Please retype the records below exactly, omitting any images.

Top of Given entries

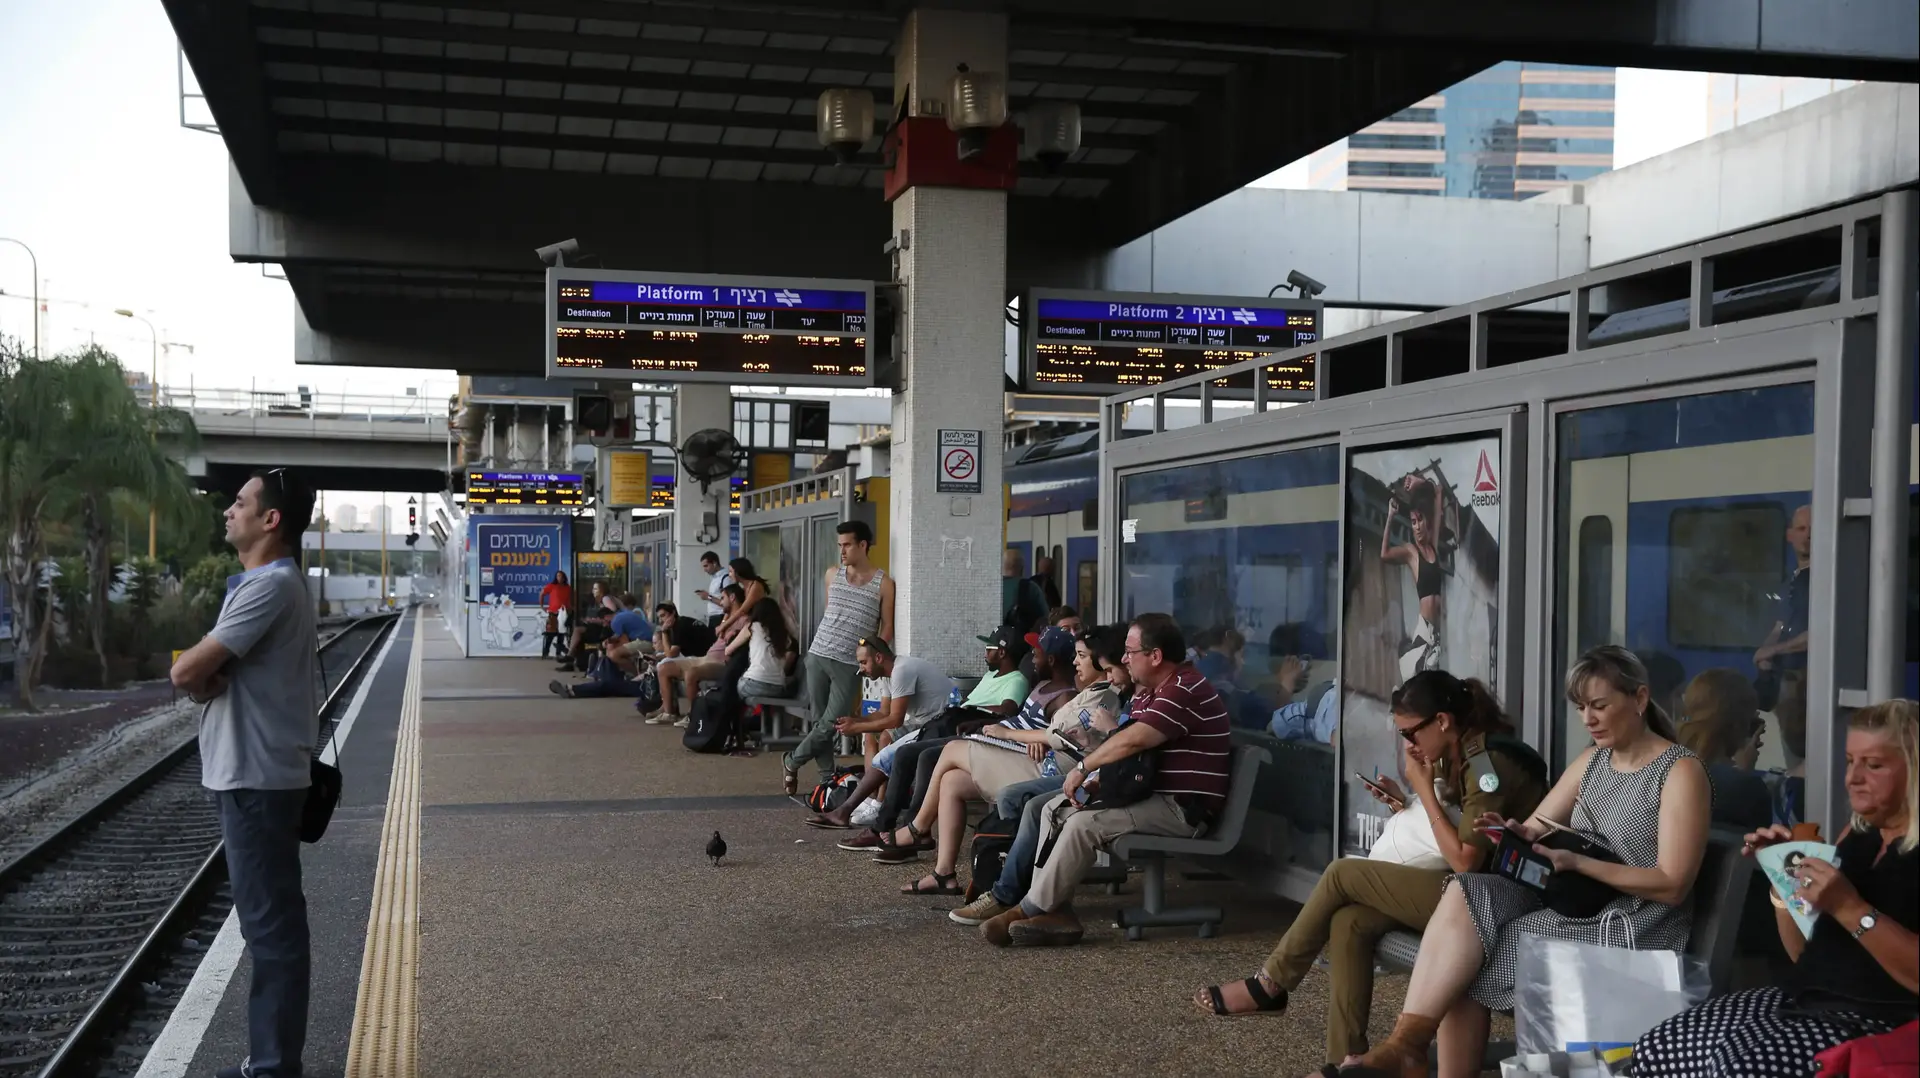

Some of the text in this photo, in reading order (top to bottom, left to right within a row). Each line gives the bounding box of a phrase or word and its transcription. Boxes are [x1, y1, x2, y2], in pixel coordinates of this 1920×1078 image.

[637, 285, 719, 301] Platform 1
[730, 288, 766, 306] רציף
[567, 308, 611, 318] Destination
[639, 311, 694, 322] תחנות ביניים
[706, 310, 735, 321] מעודכן
[746, 312, 766, 320] שעה
[1109, 304, 1184, 319] Platform 2
[1193, 307, 1225, 323] רציף
[801, 317, 815, 326] יעד
[846, 315, 866, 324] רכבת
[747, 321, 765, 330] Time
[1046, 325, 1085, 335] Destination
[1111, 329, 1160, 339] תחנות ביניים
[1171, 328, 1197, 338] מעודכן
[1207, 328, 1225, 337] שעה
[1297, 332, 1316, 341] רכבת
[1208, 338, 1225, 346] Time
[1257, 334, 1270, 343] יעד
[490, 533, 551, 549] משדרגים
[490, 548, 551, 567] למענכם
[1356, 812, 1381, 850] THE

Bottom of Given entries

• Response to this exercise:
Some of the text in this photo, in reading order (top to bottom, left to right within a row). Each line gives the bounding box of a phrase or word and its transcription. Boxes are [x1, y1, x2, y2], in pixel coordinates of this 1920×1078 image.

[637, 285, 719, 301] Platform 1
[730, 288, 766, 306] רציף
[567, 308, 611, 318] Destination
[639, 311, 694, 322] תחנות ביניים
[706, 310, 735, 321] מעודכן
[746, 312, 766, 320] שעה
[1109, 304, 1184, 319] Platform 2
[1193, 307, 1225, 323] רציף
[801, 317, 815, 326] יעד
[846, 315, 866, 324] רכבת
[747, 321, 765, 330] Time
[1046, 325, 1085, 335] Destination
[1111, 329, 1160, 339] תחנות ביניים
[1171, 328, 1197, 338] מעודכן
[1207, 328, 1225, 337] שעה
[1297, 332, 1316, 341] רכבת
[1208, 338, 1225, 346] Time
[1257, 334, 1270, 343] יעד
[490, 533, 551, 549] משדרגים
[490, 548, 551, 567] למענכם
[1356, 812, 1381, 850] THE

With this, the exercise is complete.